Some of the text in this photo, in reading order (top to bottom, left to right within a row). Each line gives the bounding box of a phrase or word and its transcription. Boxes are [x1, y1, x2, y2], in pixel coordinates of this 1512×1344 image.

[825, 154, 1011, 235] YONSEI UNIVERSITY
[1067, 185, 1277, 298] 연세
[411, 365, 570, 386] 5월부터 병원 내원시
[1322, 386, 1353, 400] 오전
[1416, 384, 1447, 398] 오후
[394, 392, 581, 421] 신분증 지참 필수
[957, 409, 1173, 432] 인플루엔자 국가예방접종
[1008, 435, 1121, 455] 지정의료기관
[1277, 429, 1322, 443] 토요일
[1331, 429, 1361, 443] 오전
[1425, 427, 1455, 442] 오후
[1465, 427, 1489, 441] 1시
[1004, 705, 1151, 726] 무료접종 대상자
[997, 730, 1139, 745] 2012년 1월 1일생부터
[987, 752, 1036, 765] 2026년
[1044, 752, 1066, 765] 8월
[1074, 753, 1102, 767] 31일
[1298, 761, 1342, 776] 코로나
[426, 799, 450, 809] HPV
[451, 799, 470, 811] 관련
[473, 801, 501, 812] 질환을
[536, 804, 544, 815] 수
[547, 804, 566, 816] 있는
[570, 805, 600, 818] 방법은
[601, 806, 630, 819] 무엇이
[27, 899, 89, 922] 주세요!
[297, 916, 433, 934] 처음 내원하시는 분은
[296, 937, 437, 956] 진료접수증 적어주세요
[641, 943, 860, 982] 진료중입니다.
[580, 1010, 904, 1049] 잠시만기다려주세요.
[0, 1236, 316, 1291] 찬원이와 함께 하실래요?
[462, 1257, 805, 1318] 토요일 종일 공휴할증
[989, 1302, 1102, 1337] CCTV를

**THE PROBLEM:** Would you retype the listing above in full, exactly as it reads?

**EXERCISE OUTPUT:**
Some of the text in this photo, in reading order (top to bottom, left to right within a row). Each line gives the bounding box of a phrase or word and its transcription. Boxes are [x1, y1, x2, y2], in pixel coordinates of this 1512×1344 image.

[825, 154, 1011, 235] YONSEI UNIVERSITY
[1067, 185, 1277, 298] 연세
[411, 365, 570, 386] 5월부터 병원 내원시
[1322, 386, 1353, 400] 오전
[1416, 384, 1447, 398] 오후
[394, 392, 581, 421] 신분증 지참 필수
[957, 409, 1173, 432] 인플루엔자 국가예방접종
[1008, 435, 1121, 455] 지정의료기관
[1277, 429, 1322, 443] 토요일
[1331, 429, 1361, 443] 오전
[1425, 427, 1455, 442] 오후
[1465, 427, 1489, 441] 1시
[1004, 705, 1151, 726] 무료접종 대상자
[997, 730, 1139, 745] 2012년 1월 1일생부터
[987, 752, 1036, 765] 2026년
[1044, 752, 1066, 765] 8월
[1074, 753, 1102, 767] 31일
[1298, 761, 1342, 776] 코로나
[426, 799, 450, 809] HPV
[451, 799, 470, 811] 관련
[473, 801, 501, 812] 질환을
[536, 804, 544, 815] 수
[547, 804, 566, 816] 있는
[570, 805, 600, 818] 방법은
[601, 806, 630, 819] 무엇이
[27, 899, 89, 922] 주세요!
[297, 916, 433, 934] 처음 내원하시는 분은
[296, 937, 437, 956] 진료접수증 적어주세요
[641, 943, 860, 982] 진료중입니다.
[580, 1010, 904, 1049] 잠시만기다려주세요.
[0, 1236, 316, 1291] 찬원이와 함께 하실래요?
[462, 1257, 805, 1318] 토요일 종일 공휴할증
[989, 1302, 1102, 1337] CCTV를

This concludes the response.